Notch3 targets immune cell infiltration. (A-C) Volcano plots comparing gene expression in kidneys from Tg versus WT (A), Tg-N3KO versus WT (B), and Tg versus TG-N3KO (C) mice. (D) qPCR for Ccl2 expression. One-way ANOVA followed by Tukey's test was used for statistical analysis. (E) Immunohistochemistry (IHC) for MMP10 and NFκB (p65) in renal sections of WT, N3KO, Tg and Tg-N3KO mice. Arrows show glomerular and tubular areas with high expression. Scale bar: 100 µm. (F) Paraffin sections from kidneys of WT, N3KO, Tg and Tg-N3KO mice, labeled for immune cell markers CD68, FOXP3 and CD8. Arrow indicates CD68⁺ macrophages found in clumps in Tg kidney.
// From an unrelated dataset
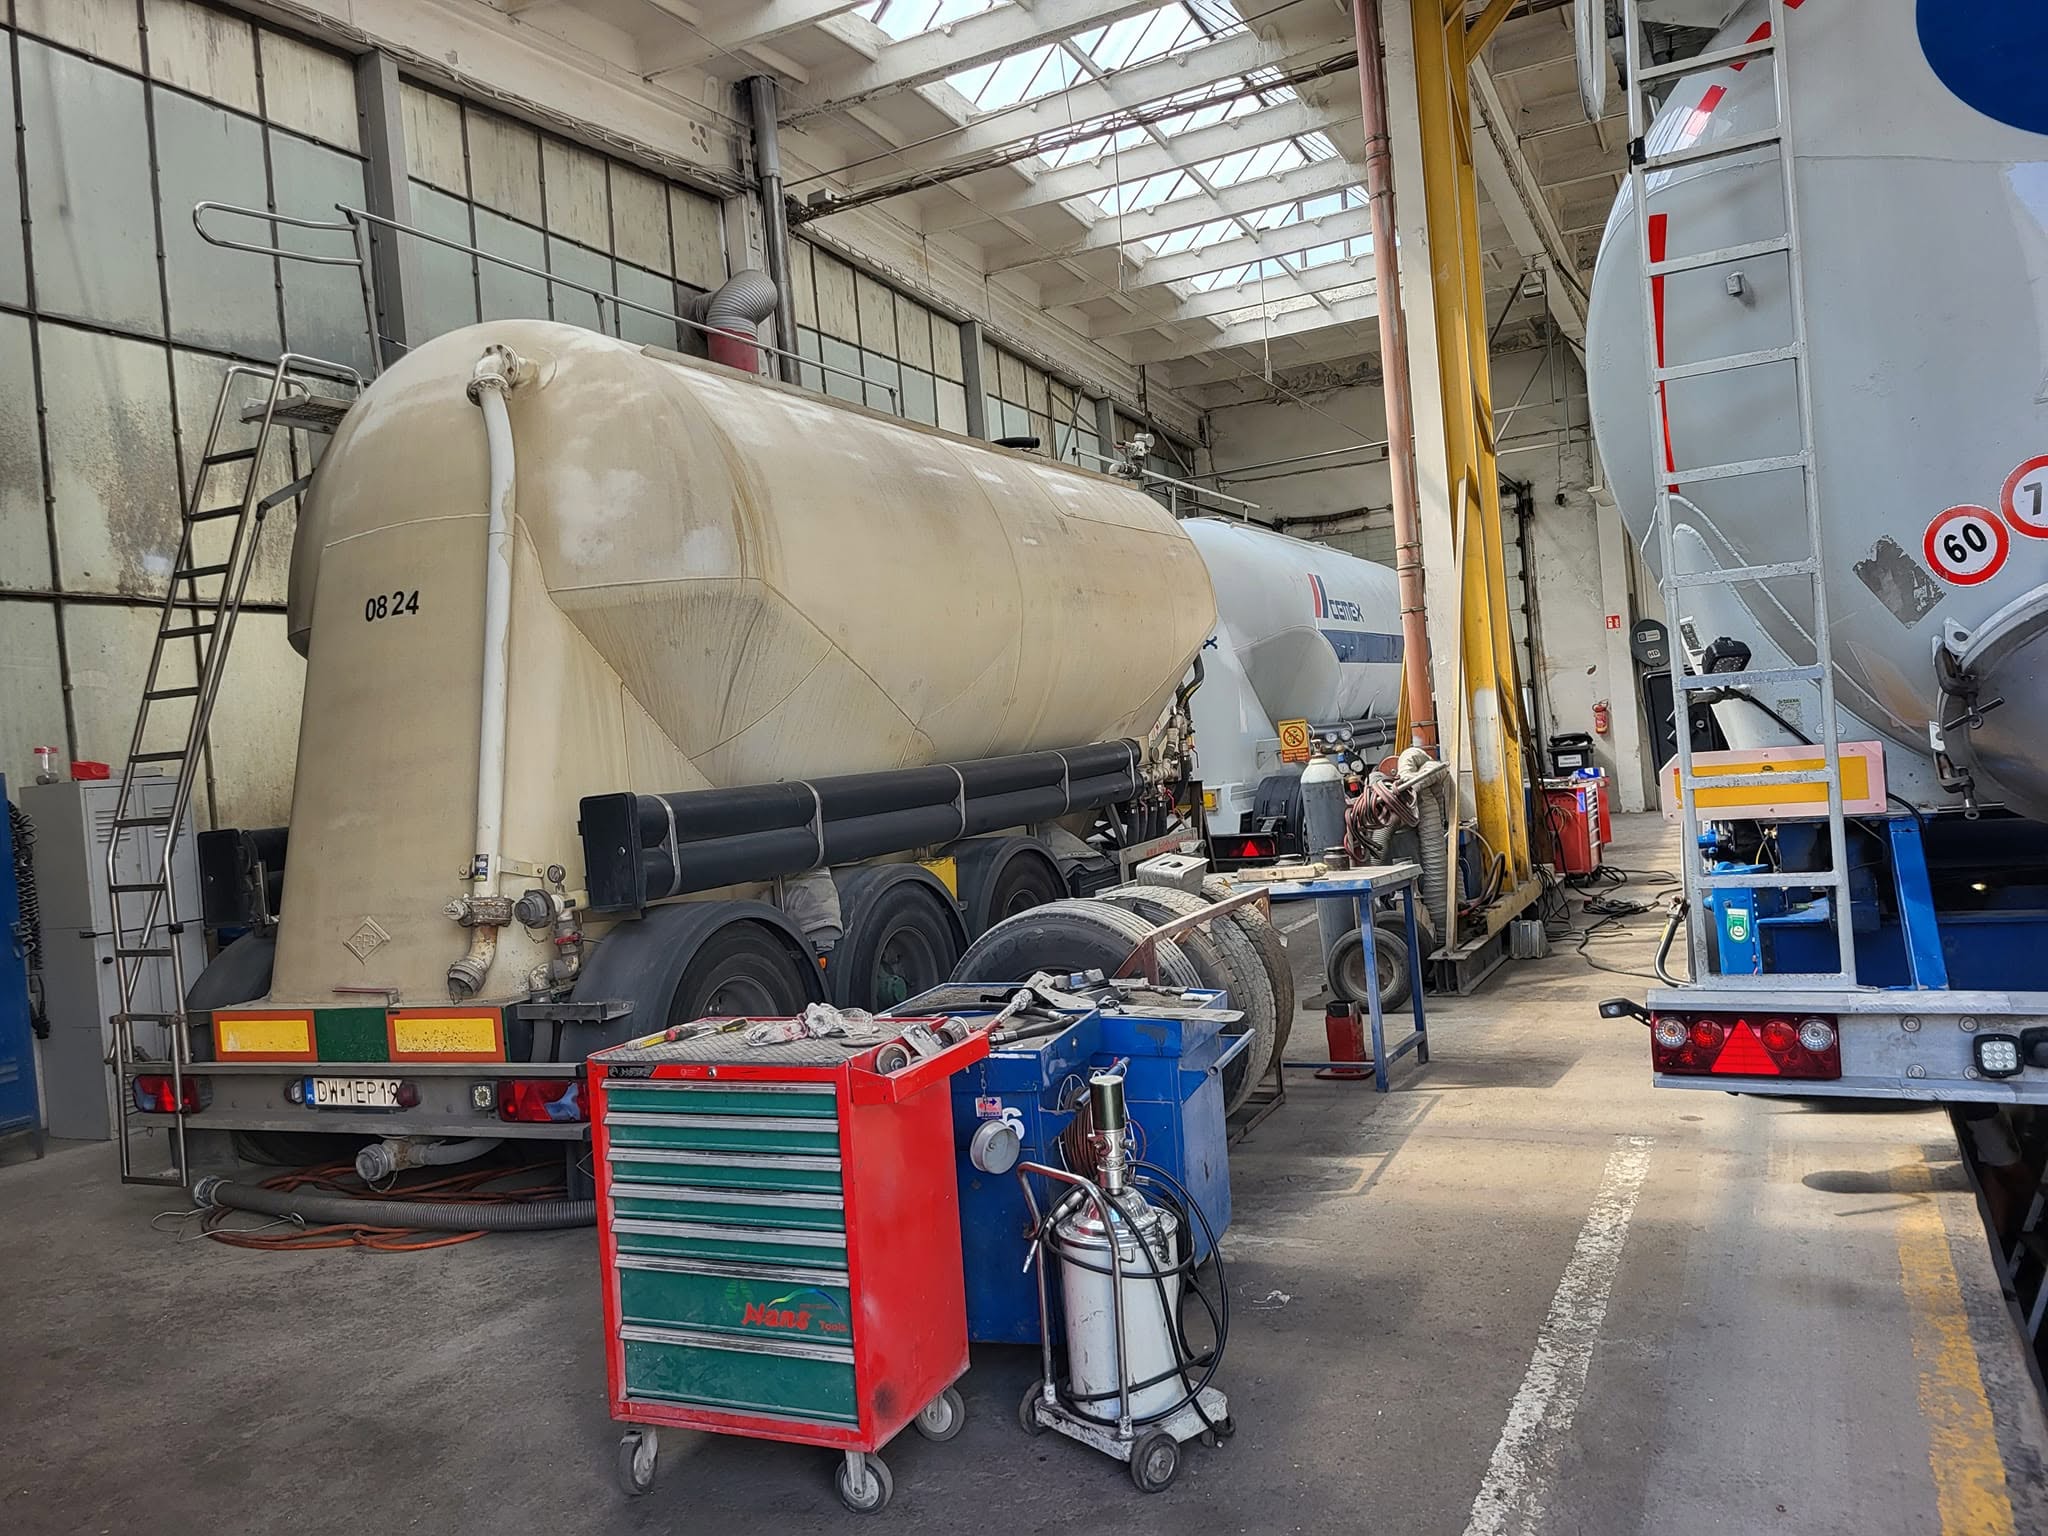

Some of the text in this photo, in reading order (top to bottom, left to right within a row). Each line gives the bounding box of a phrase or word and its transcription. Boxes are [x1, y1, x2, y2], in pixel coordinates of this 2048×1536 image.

Scale bar: 50 µm. (G) Quantification of CD68⁺, FOXP3⁺ and CD8⁺ HIVAN cells from Tg and Tg-N3KO mice, assessed in Tg (n=9) and Tg-N3KO (n=9) kidneys unaware of experimental group. Each dot represents the percentage of positive cells from the entire kidney where inflammatory invasions were prominent. Unpaired two-tailed Student's t-test was used for statistical analysis. (H) Serial sections from a kidney biopsy from a patient with HIVAN immunostained for the presence of CD68 and NOTCH3. Note the presence of CD68⁺ cells in and around glomerulus; the same areas were also labeled brightly for NOTCH3 (arrows). Scale bar: 100 µm. *P<0.05, **P<0.01, ***P<0.001, ****P<0.0001.

Fig. 6.

Notch3 deletion targets systemic inflammation in HIV-Tg26 mice. (A) Schematic showing macrophage isolation from bone marrow in mice. (B) Labeling of differentiated bone marrow cells expressing the macrophage marker F4/F80 in fixed cells. Scale bar: 50 µm. (C) Lysates obtained from differentiated macrophages of WT and Tg mice were subjected to western blot analysis for N3IC, Dll4 and jagged 1 (J1). CD68 was used as a loading control. Ponceau S provides an additional loading control. (D-F) Quantification of N3IC (D), Dll4 (E) and jagged 1 (F) in bone marrow cells obtained from three mice in each group (n=3). Unpaired two-tailed Student's t-test was used for statistical analysis. (G,H) ELISA was performed for the presence of TNFα (TNF; G) and MCP-1 (H) in serum obtained from 3-month-old WT, N3KO, Tg and Tg-N3KO mice (n=6-12), both males and females. Data are expressed in pg/ml. One-way ANOVA followed by Tukey's test was used for statistical analysis. ns, not significant; *P<0.05, **P<0.01, ***P<0.001, ****P<0.0001.